Can realize the implementation of various process and characters described herein in various distinct devices or application, particularly, the equipment and the application that for example are associated with data encoding and decoding.The example of equipment comprises video encoder, Video Decoder, Video Codec, web server, set-top box, laptop computer, personal computer, cell phone, PDA and other communication equipment.Should be understood that, this equipment can be mobile and even can be arranged on moving vehicle.

In addition, can come implementation method by the instruction of being carried out by processor, and can store this instruction on processor readable medium, processor readable medium such as integrated circuit, software carrier or other memory device, for example hard disk, CD, random access memory (" RAM "), read-only memory (" ROM ").These instructions can be formed on the application program of tangible realization on processor readable medium.Instruction can be at for example hardware, firmware, software or in making up.Can for example find instruction in operating system, independent utility or combination both.Therefore processor can be characterized by is for example the equipment that is configured to implementation, is also the equipment that comprises computer-readable medium, and this computer-readable medium has the instruction for implementation.

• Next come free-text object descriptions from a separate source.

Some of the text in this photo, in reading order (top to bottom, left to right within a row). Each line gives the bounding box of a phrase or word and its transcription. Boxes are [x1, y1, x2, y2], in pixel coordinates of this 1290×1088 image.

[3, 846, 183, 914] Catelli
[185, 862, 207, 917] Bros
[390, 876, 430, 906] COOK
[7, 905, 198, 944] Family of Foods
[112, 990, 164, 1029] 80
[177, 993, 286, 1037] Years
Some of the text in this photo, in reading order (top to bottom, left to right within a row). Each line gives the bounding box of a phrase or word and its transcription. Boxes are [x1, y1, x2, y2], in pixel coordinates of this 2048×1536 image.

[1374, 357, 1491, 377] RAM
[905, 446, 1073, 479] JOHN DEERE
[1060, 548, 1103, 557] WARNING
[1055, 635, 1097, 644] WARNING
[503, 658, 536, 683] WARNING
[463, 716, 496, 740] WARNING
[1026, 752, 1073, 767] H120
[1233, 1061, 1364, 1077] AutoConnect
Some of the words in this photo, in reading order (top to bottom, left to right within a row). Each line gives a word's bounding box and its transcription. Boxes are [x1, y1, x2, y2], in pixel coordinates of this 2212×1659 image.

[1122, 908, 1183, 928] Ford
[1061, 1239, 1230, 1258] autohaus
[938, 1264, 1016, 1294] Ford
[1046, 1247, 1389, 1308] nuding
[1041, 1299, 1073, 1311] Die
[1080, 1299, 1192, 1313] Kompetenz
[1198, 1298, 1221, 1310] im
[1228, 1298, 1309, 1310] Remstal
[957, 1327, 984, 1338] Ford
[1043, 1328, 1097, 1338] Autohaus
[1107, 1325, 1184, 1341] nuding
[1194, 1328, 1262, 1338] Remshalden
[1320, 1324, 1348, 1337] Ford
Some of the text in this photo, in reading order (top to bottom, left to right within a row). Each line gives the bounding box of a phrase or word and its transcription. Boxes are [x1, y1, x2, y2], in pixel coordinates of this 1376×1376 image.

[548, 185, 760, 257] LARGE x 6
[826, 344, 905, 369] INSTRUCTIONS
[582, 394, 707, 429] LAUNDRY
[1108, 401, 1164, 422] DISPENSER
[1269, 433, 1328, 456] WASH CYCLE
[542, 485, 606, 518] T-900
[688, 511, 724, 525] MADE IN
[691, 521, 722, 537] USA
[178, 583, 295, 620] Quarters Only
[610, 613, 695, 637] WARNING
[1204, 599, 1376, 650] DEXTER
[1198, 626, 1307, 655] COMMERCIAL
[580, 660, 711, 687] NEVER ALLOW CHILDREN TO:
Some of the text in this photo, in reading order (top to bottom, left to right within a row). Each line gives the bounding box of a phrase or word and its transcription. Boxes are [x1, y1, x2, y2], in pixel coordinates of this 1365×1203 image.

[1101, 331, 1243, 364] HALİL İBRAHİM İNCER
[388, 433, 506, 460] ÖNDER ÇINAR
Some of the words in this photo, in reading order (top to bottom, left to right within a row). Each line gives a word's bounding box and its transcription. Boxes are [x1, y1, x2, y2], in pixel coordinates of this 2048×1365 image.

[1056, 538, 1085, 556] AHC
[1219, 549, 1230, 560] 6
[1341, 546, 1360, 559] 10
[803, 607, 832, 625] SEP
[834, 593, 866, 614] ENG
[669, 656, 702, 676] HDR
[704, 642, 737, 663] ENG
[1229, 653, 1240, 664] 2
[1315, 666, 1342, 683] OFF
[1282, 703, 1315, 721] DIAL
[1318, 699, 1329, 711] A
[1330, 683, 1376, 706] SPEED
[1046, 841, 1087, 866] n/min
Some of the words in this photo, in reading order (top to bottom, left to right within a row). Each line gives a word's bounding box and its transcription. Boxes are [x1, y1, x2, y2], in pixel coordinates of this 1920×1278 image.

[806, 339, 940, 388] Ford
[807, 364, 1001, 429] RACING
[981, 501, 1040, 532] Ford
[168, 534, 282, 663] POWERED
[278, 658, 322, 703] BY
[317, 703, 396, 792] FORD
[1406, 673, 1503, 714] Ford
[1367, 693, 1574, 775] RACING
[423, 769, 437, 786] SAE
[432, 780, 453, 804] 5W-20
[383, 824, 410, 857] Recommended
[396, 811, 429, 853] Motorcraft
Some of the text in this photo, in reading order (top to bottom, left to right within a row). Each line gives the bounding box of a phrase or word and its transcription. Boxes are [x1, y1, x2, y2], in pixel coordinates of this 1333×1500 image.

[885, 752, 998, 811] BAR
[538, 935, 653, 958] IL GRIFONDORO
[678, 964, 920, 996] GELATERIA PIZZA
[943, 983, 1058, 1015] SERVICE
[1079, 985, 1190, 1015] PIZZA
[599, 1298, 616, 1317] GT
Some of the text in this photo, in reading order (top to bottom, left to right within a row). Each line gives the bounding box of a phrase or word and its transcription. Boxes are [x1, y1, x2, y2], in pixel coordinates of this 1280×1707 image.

For those skilled in the art apparently, implementation can produce various signals, and these signals are formatted as the information that can store or transmit of carrying.The data that this information for example can comprise the instruction that is used for manner of execution, be produced by one of described implementation.For example, signal format can be turned to the rule of carrying be used to the grammer that writes or read described embodiment as data, perhaps carry the actual syntax value that write by described embodiment as data.Sort signal can be formatted as for example electromagnetic wave (for example, using the radio frequency part of frequency spectrum) or baseband signal.This format for example can comprise encodes and with encoded data stream, carrier wave is modulated data stream.The information that signal carries can be for example to simulate or digital information.As everyone knows, can transmit this signal on various wired or wireless link.

Multiple implementation has been described.Yet, will understand and can carry out various modifications.For example, the element of different implementations can be made up, replenish, revise or remove to produce other implementation.In addition, those skilled in the art will appreciate that, can substitute disclosed structure and process with other structure and process, and the implementation that produces will be carried out identical at least in fact function in the mode identical at least in fact with implementation disclosed herein, to realize identical at least in fact result.Correspondingly, the application expects these and other implementation, and they all within the scope of the appended claims.

Claims

1. method that is used for multiple view video coding " MVC coding ", described method comprises:

Generate the side information that is used for complementary sequence parameter set " SPS " network abstract layer " NAL " unit, wherein:

Described supplemental SPS NAL unit is corresponding with SPS NAL unit, and has the NAL cell type code different from described SPS NAL unit;

Described supplemental SPS NAL unit is relevant to specific MVC layer in image sequence, one or more parameters of using during described side information is described in the coding of described specific MVC layer is decoded; And

Described side information comprises: (i) SPS identifier is used for described supplemental SPS NAL unit is associated with corresponding SPS NAL unit; (ii) one or more parameters are used for the sign specific MVC layer relevant to described supplemental SPS NAL unit; And the one or more MVC VUI parameters that (iii) are used for described specific MVC layer; And

Encode based on the side information that is used for supplemental SPS NAL unit that generates, to generate the coding of described specific MVC layer.